● **Task requirements**:
Once the pictures are removed, return each record below exactly as written.
####
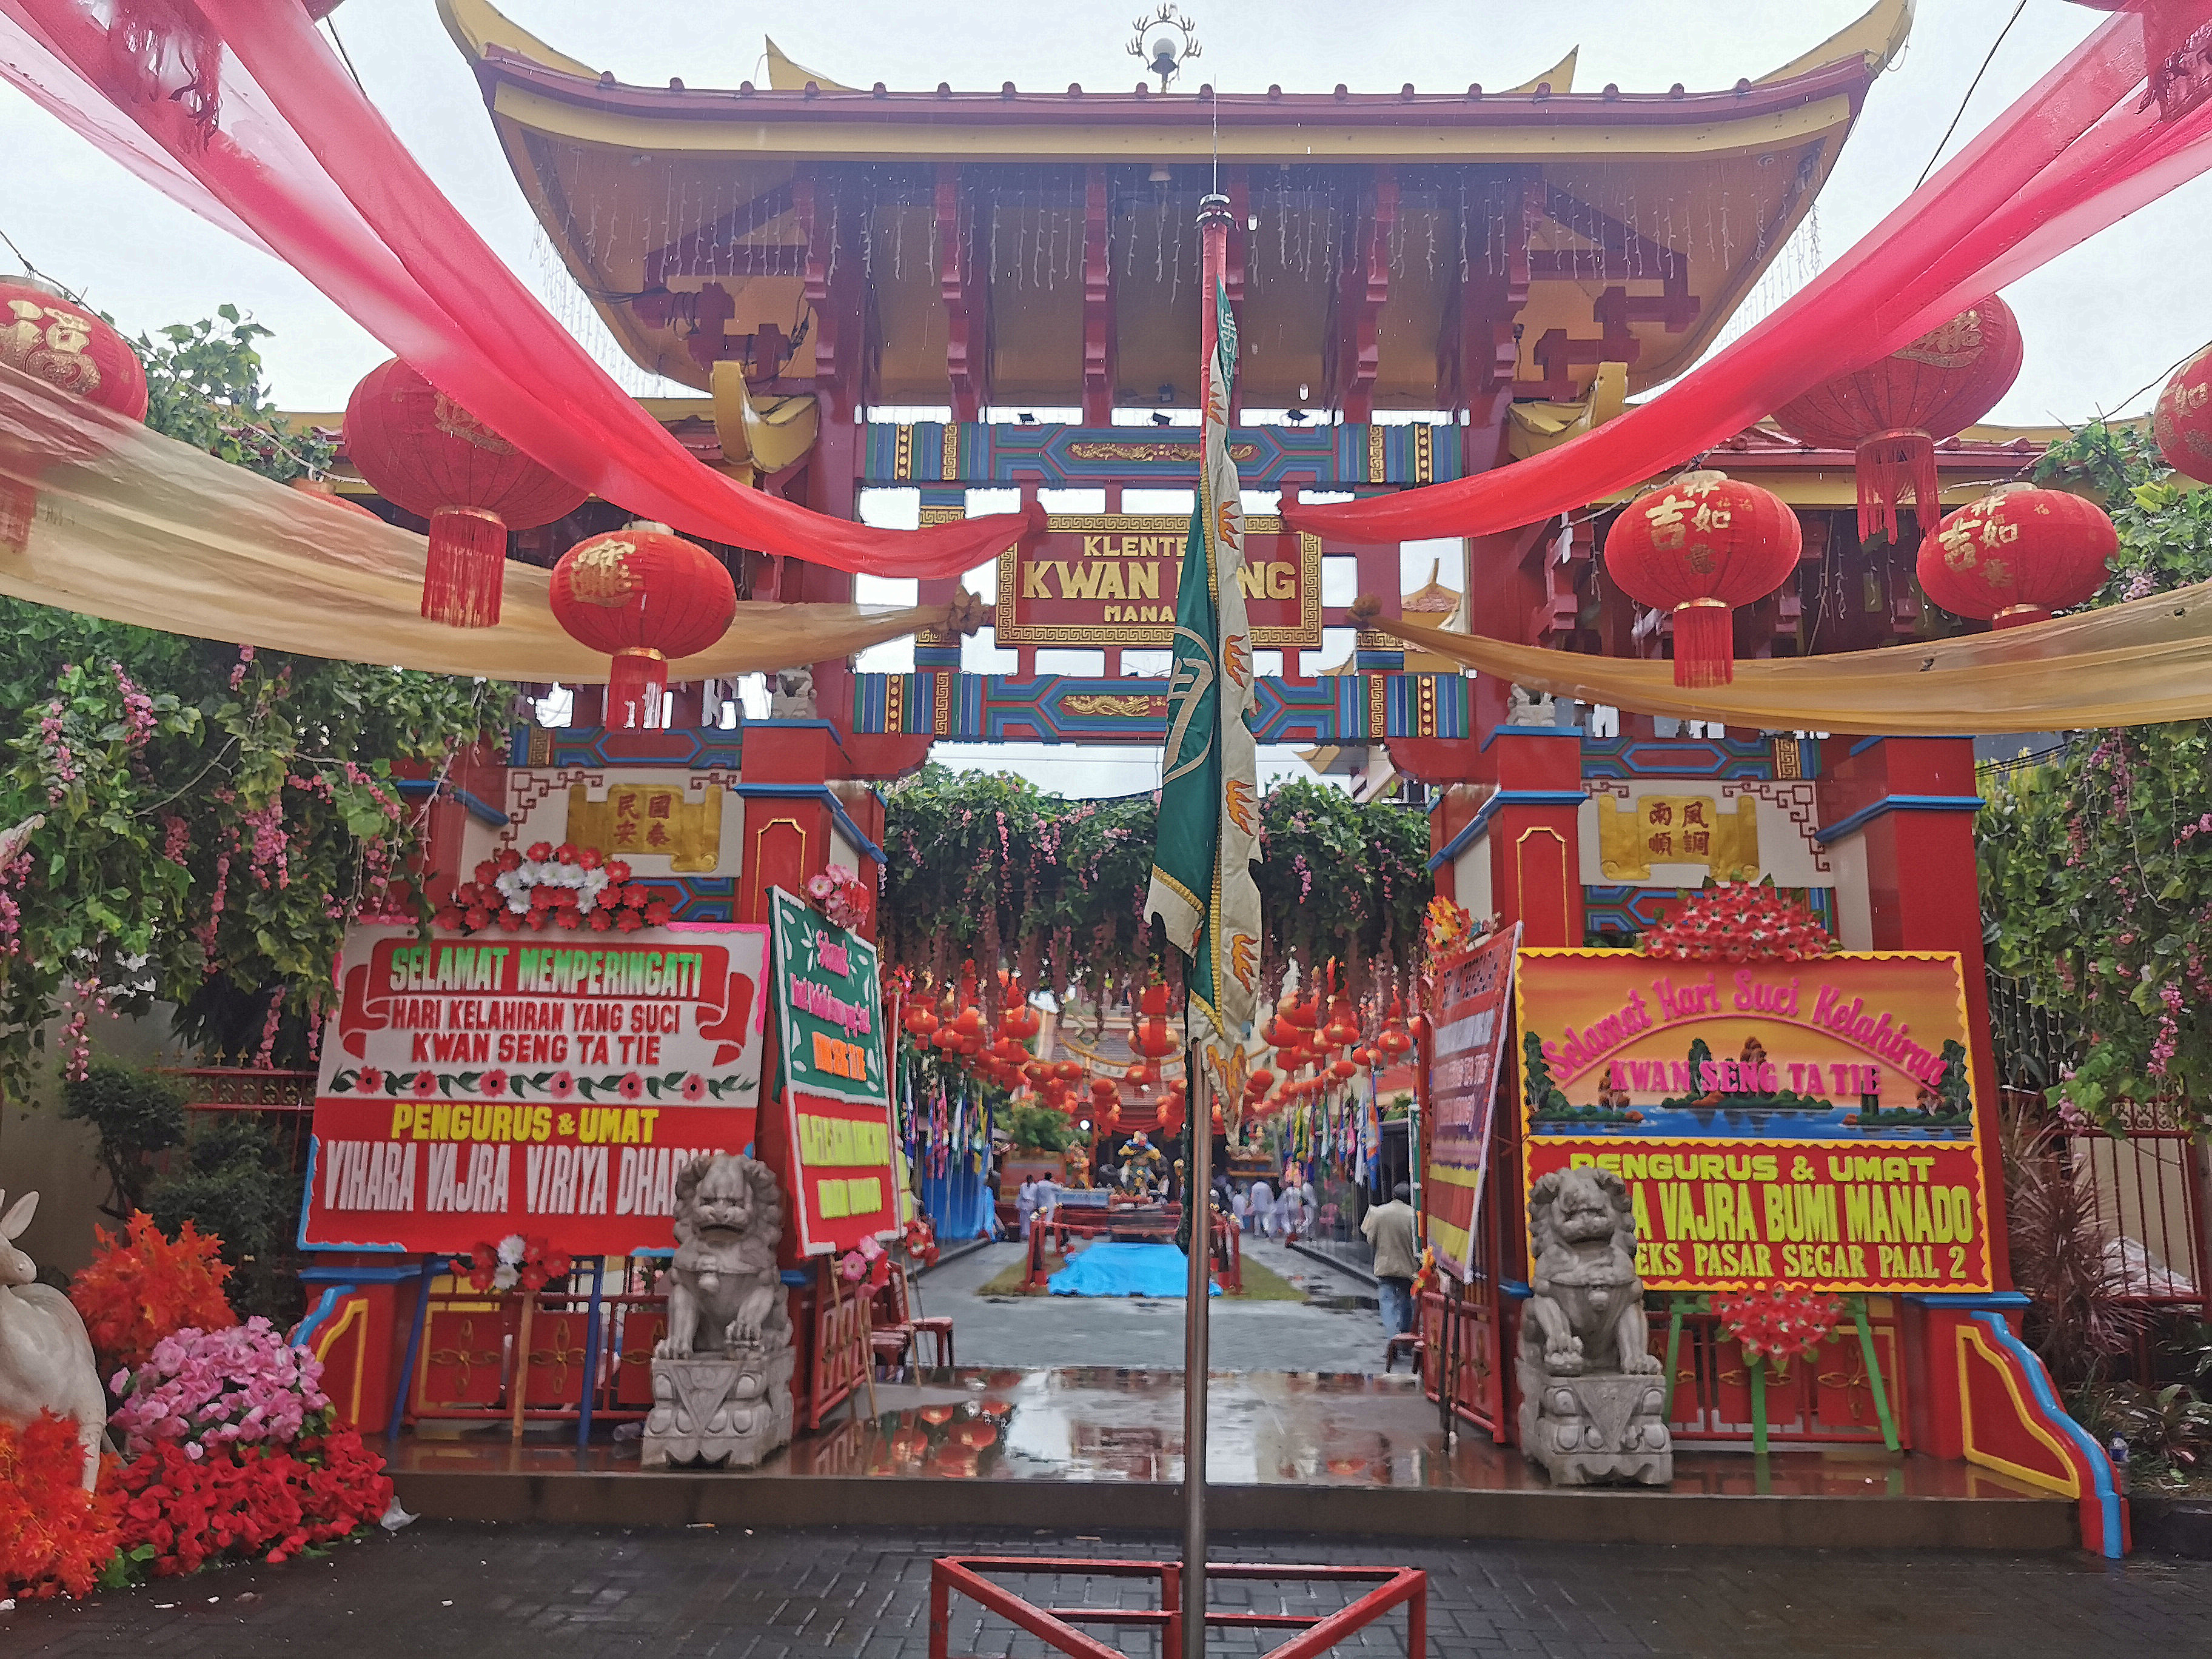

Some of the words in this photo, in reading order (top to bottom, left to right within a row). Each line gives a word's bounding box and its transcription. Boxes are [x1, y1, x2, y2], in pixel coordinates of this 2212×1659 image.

[1083, 536, 1187, 557] KLENTE
[1022, 560, 1160, 600] KWAN
[1176, 561, 1296, 600] NG
[1104, 605, 1175, 623] MANA
[389, 946, 509, 993] SELAMAT
[518, 947, 702, 997] MEMPERINGATI
[392, 998, 441, 1031] HARI
[448, 1000, 564, 1032] KELAHIRAN
[572, 1003, 623, 1033] YANG
[631, 1004, 680, 1034] SUCI
[1540, 988, 1653, 1079] Selamat
[1651, 974, 1721, 1019] Hari
[1733, 970, 1800, 1016] Suci
[1813, 984, 1948, 1085] Kelahiran
[412, 1033, 491, 1064] KWAN
[498, 1034, 567, 1064] SENG
[577, 1035, 606, 1065] TA
[617, 1035, 661, 1065] TIE
[1610, 1059, 1691, 1092] KWAN
[1699, 1061, 1778, 1093] SENG
[1788, 1062, 1823, 1095] TA
[1828, 1064, 1882, 1096] TIE
[390, 1103, 551, 1142] PENGURUS
[558, 1112, 575, 1136] &
[580, 1108, 659, 1144] UMAT
[324, 1140, 417, 1211] VIHARA
[427, 1142, 511, 1213] VAJRA
[526, 1144, 608, 1215] VIRIYA
[1570, 1153, 1778, 1182] PENGURUS
[1791, 1156, 1815, 1182] &
[1828, 1156, 1936, 1182] UMAT
[1660, 1182, 1758, 1240] VAJRA
[1765, 1183, 1837, 1242] BUMI
[1847, 1185, 1973, 1244] MANADO
[1694, 1243, 1772, 1278] PASAR
[1781, 1244, 1868, 1279] SEGAR
[1879, 1245, 1940, 1279] PAAL
[1949, 1245, 1967, 1279] 2
####
● **Task answer**:
Some of the words in this photo, in reading order (top to bottom, left to right within a row). Each line gives a word's bounding box and its transcription. Boxes are [x1, y1, x2, y2], in pixel coordinates of this 2212×1659 image.

[1083, 536, 1187, 557] KLENTE
[1022, 560, 1160, 600] KWAN
[1176, 561, 1296, 600] NG
[1104, 605, 1175, 623] MANA
[389, 946, 509, 993] SELAMAT
[518, 947, 702, 997] MEMPERINGATI
[392, 998, 441, 1031] HARI
[448, 1000, 564, 1032] KELAHIRAN
[572, 1003, 623, 1033] YANG
[631, 1004, 680, 1034] SUCI
[1540, 988, 1653, 1079] Selamat
[1651, 974, 1721, 1019] Hari
[1733, 970, 1800, 1016] Suci
[1813, 984, 1948, 1085] Kelahiran
[412, 1033, 491, 1064] KWAN
[498, 1034, 567, 1064] SENG
[577, 1035, 606, 1065] TA
[617, 1035, 661, 1065] TIE
[1610, 1059, 1691, 1092] KWAN
[1699, 1061, 1778, 1093] SENG
[1788, 1062, 1823, 1095] TA
[1828, 1064, 1882, 1096] TIE
[390, 1103, 551, 1142] PENGURUS
[558, 1112, 575, 1136] &
[580, 1108, 659, 1144] UMAT
[324, 1140, 417, 1211] VIHARA
[427, 1142, 511, 1213] VAJRA
[526, 1144, 608, 1215] VIRIYA
[1570, 1153, 1778, 1182] PENGURUS
[1791, 1156, 1815, 1182] &
[1828, 1156, 1936, 1182] UMAT
[1660, 1182, 1758, 1240] VAJRA
[1765, 1183, 1837, 1242] BUMI
[1847, 1185, 1973, 1244] MANADO
[1694, 1243, 1772, 1278] PASAR
[1781, 1244, 1868, 1279] SEGAR
[1879, 1245, 1940, 1279] PAAL
[1949, 1245, 1967, 1279] 2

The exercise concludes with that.